Would you mind restating all of the records word for word, skipping the pictures?
-.-.-
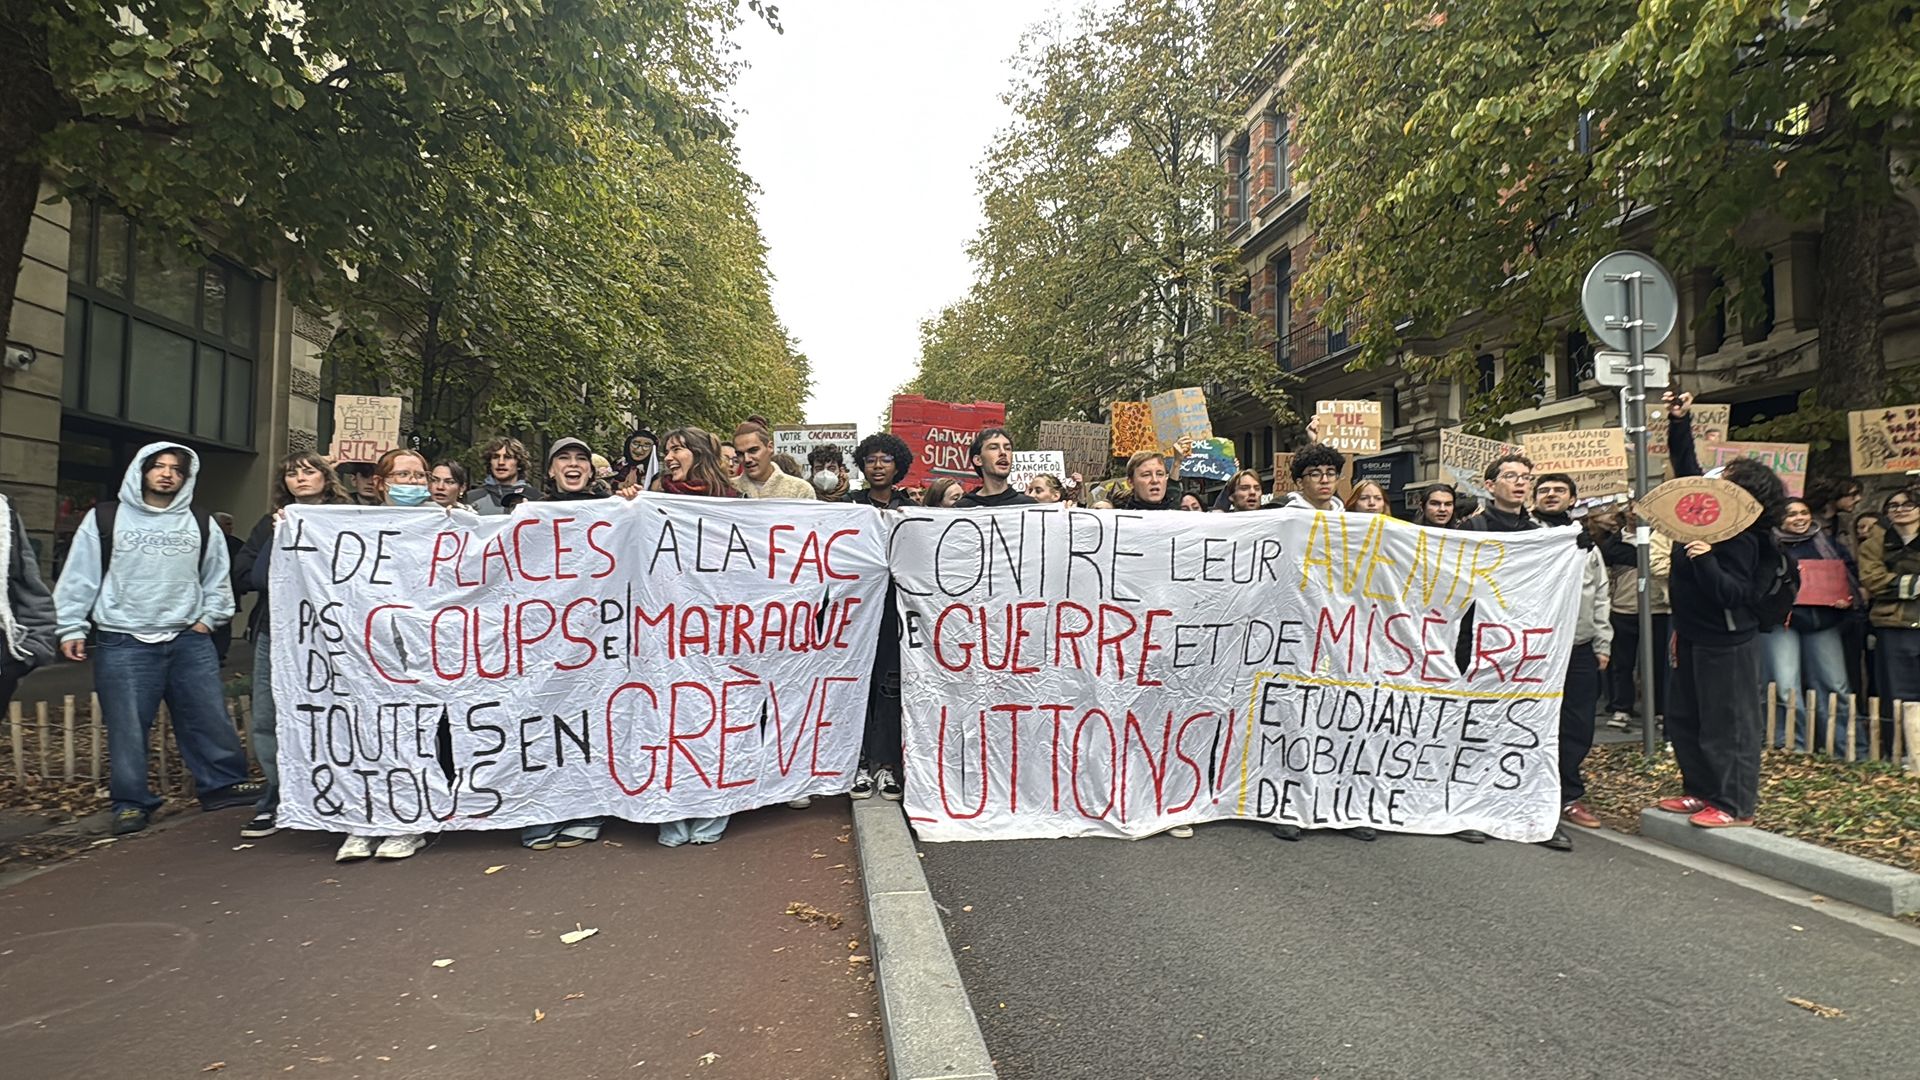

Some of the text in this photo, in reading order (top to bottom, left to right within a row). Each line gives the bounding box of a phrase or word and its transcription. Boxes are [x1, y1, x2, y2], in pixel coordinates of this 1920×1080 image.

[357, 397, 380, 406] BE
[1320, 402, 1378, 414] LA POLICE
[344, 417, 392, 431] BUT
[1333, 413, 1364, 425] TUE
[1041, 424, 1061, 434] JUST
[779, 432, 802, 441] VOTRE
[1529, 430, 1610, 443] DEPUIS QUAND
[338, 440, 389, 461] RICH
[777, 446, 788, 454] JE
[1322, 438, 1376, 450] COUVRE
[1530, 439, 1607, 454] LA FRANCE
[921, 444, 975, 469] SURV
[1011, 454, 1052, 463] LLE SE
[1532, 452, 1549, 460] EST
[1010, 464, 1050, 472] BRANCHE
[1011, 473, 1022, 482] LA
[331, 530, 402, 585] DE
[428, 518, 616, 587] PLACES
[696, 517, 756, 573] LA
[768, 524, 860, 584] FAC
[888, 509, 1509, 609] CONTRE LEUR AVENIR
[299, 599, 344, 644] PAS
[634, 598, 861, 659] MATRAQUE
[364, 597, 598, 684] COUPS
[933, 601, 1173, 686] GUERRE
[1173, 622, 1234, 668] ET
[1243, 619, 1303, 667] DE
[307, 649, 350, 696] DE
[520, 709, 591, 772] EN
[606, 665, 858, 797] GRÈVE
[311, 760, 503, 823] & TOUS
[1257, 778, 1406, 826] DE LILLE
-.-.-
### Solution for this exercise
Some of the text in this photo, in reading order (top to bottom, left to right within a row). Each line gives the bounding box of a phrase or word and its transcription. Boxes are [x1, y1, x2, y2], in pixel coordinates of this 1920×1080 image.

[357, 397, 380, 406] BE
[1320, 402, 1378, 414] LA POLICE
[344, 417, 392, 431] BUT
[1333, 413, 1364, 425] TUE
[1041, 424, 1061, 434] JUST
[779, 432, 802, 441] VOTRE
[1529, 430, 1610, 443] DEPUIS QUAND
[338, 440, 389, 461] RICH
[777, 446, 788, 454] JE
[1322, 438, 1376, 450] COUVRE
[1530, 439, 1607, 454] LA FRANCE
[921, 444, 975, 469] SURV
[1011, 454, 1052, 463] LLE SE
[1532, 452, 1549, 460] EST
[1010, 464, 1050, 472] BRANCHE
[1011, 473, 1022, 482] LA
[331, 530, 402, 585] DE
[428, 518, 616, 587] PLACES
[696, 517, 756, 573] LA
[768, 524, 860, 584] FAC
[888, 509, 1509, 609] CONTRE LEUR AVENIR
[299, 599, 344, 644] PAS
[634, 598, 861, 659] MATRAQUE
[364, 597, 598, 684] COUPS
[933, 601, 1173, 686] GUERRE
[1173, 622, 1234, 668] ET
[1243, 619, 1303, 667] DE
[307, 649, 350, 696] DE
[520, 709, 591, 772] EN
[606, 665, 858, 797] GRÈVE
[311, 760, 503, 823] & TOUS
[1257, 778, 1406, 826] DE LILLE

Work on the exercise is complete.